Eight Steps Your Community Can Take To Launch A Jail Diversion Program

 

(12-11-20) FROM MY FILES FRIDAY: Cynthia Kemp, a deputy director at the Substance Abuse and Mental Health Services Administration, told attendees at a mental health summit two years ago how Arlington County, Va., created a jail diversion program that now is considered one of the best in the nation. Her advice is worth reading.

How To Launch A Jail Diversion Program In YOUR community

“Begin by finding a champion,” Cynthia Kemp told the 300 community leaders, who were invited by Louisiana Senator Bill Cassidy (R.) to a Louisiana Mental Health Summit in Baton Rogue. (A short news clip where both Sen. Cassidy and I are interviewed can be watched here.)

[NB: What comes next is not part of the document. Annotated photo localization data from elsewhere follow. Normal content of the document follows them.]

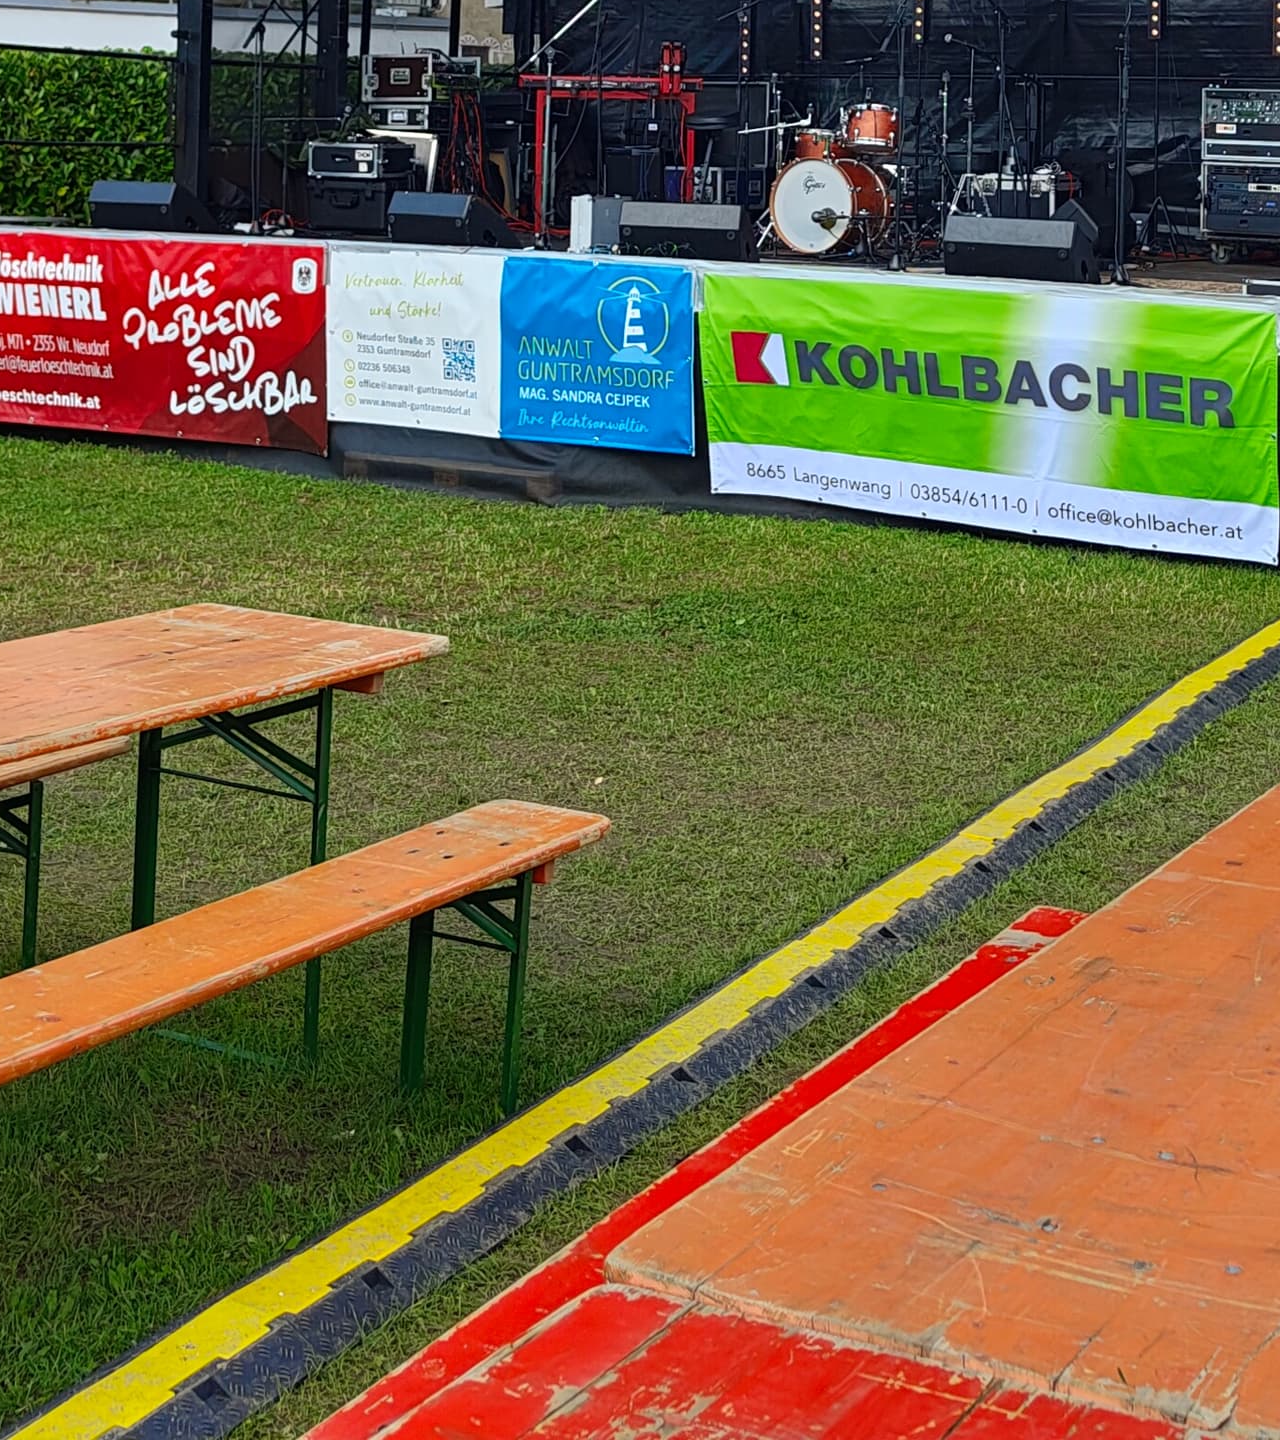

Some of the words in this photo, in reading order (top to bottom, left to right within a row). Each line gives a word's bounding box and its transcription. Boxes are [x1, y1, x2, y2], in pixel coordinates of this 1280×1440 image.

[147, 261, 216, 311] ALLE
[413, 269, 464, 289] Klarheit
[369, 301, 392, 319] und
[32, 334, 56, 352] 2355
[72, 338, 111, 357] Neudorf
[356, 331, 396, 343] Neudorfer
[398, 333, 423, 346] Straße
[425, 336, 436, 347] 35
[518, 335, 595, 360] ANWALT
[186, 335, 256, 383] SIND
[356, 343, 375, 355] 2353
[377, 345, 432, 359] Guntramsdorf
[518, 360, 676, 390] GUNTRAMSDORF
[793, 338, 1236, 429] KOHLBACHER
[169, 370, 318, 416] LÖSCHBAR
[519, 386, 549, 401] MAG.
[552, 389, 603, 405] SANDRA
[605, 392, 650, 408] CEJPEK
[358, 397, 471, 417] www.anwalt-guntramsdorf.at
[517, 408, 545, 426] Ihre
[746, 462, 786, 481] 8665
[793, 466, 891, 500] Langenwang
[910, 481, 1028, 515] 03854/6111-0
[1047, 502, 1244, 541] office@kohlbacher.at

Kemp said it could be a judge, sheriff, police chief, state legislator, mayor – anyone who understands that locking up people who are sick is a waste of tax dollars and human potential.

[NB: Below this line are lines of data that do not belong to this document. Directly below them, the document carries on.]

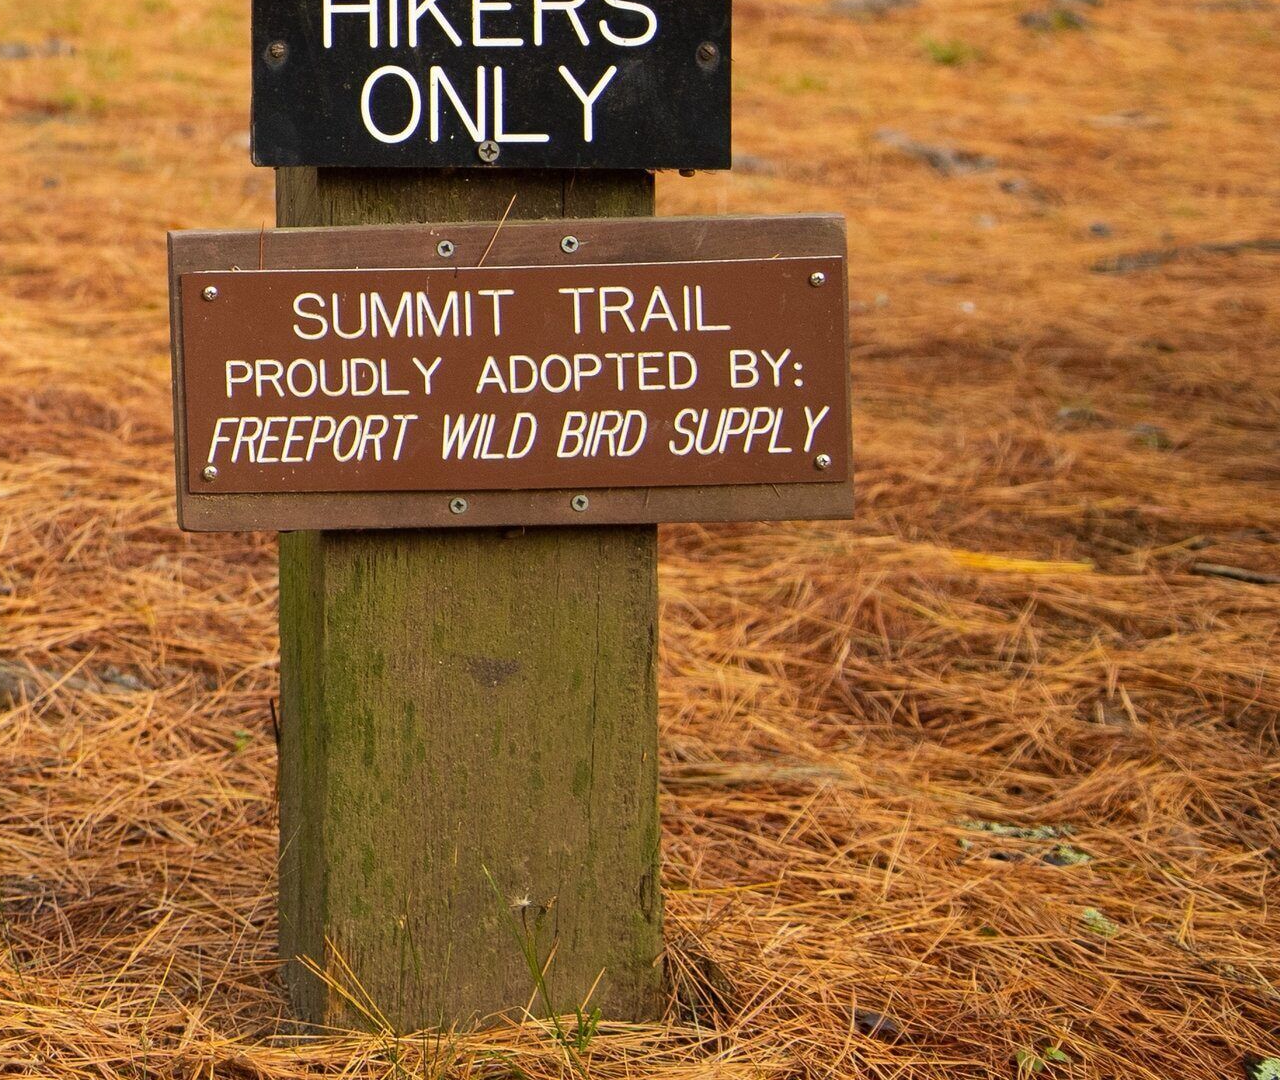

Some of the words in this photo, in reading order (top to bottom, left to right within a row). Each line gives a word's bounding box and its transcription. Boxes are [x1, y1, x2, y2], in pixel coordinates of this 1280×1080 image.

[360, 65, 618, 144] ONLY
[292, 289, 515, 340] SUMMIT
[558, 285, 732, 335] TRAIL
[225, 356, 442, 399] PROUDLY
[475, 351, 698, 394] ADOPTED
[729, 348, 804, 389] BY:
[207, 414, 419, 464] FREEPORT
[441, 412, 538, 460] WILD
[556, 409, 648, 458] BIRD
[668, 405, 830, 456] SUPPLY

Step Two: Hit the streets. Talk to the police to learn what problems they face because of persons with mental illnesses becoming entrapped in the criminal justice system. The National Alliance on Mental Illness  reports that 40% of persons with a serious mental illness will have an encounter with the police. By some estimates, as high as 49% of all fatal police shootings involve someone with a mental illness. Advocates must also speak with public defenders, judges, prosecutors, local mental health providers, parents and persons with lived experience – and identify what barriers they have encountered preventing individuals from getting community mental health care.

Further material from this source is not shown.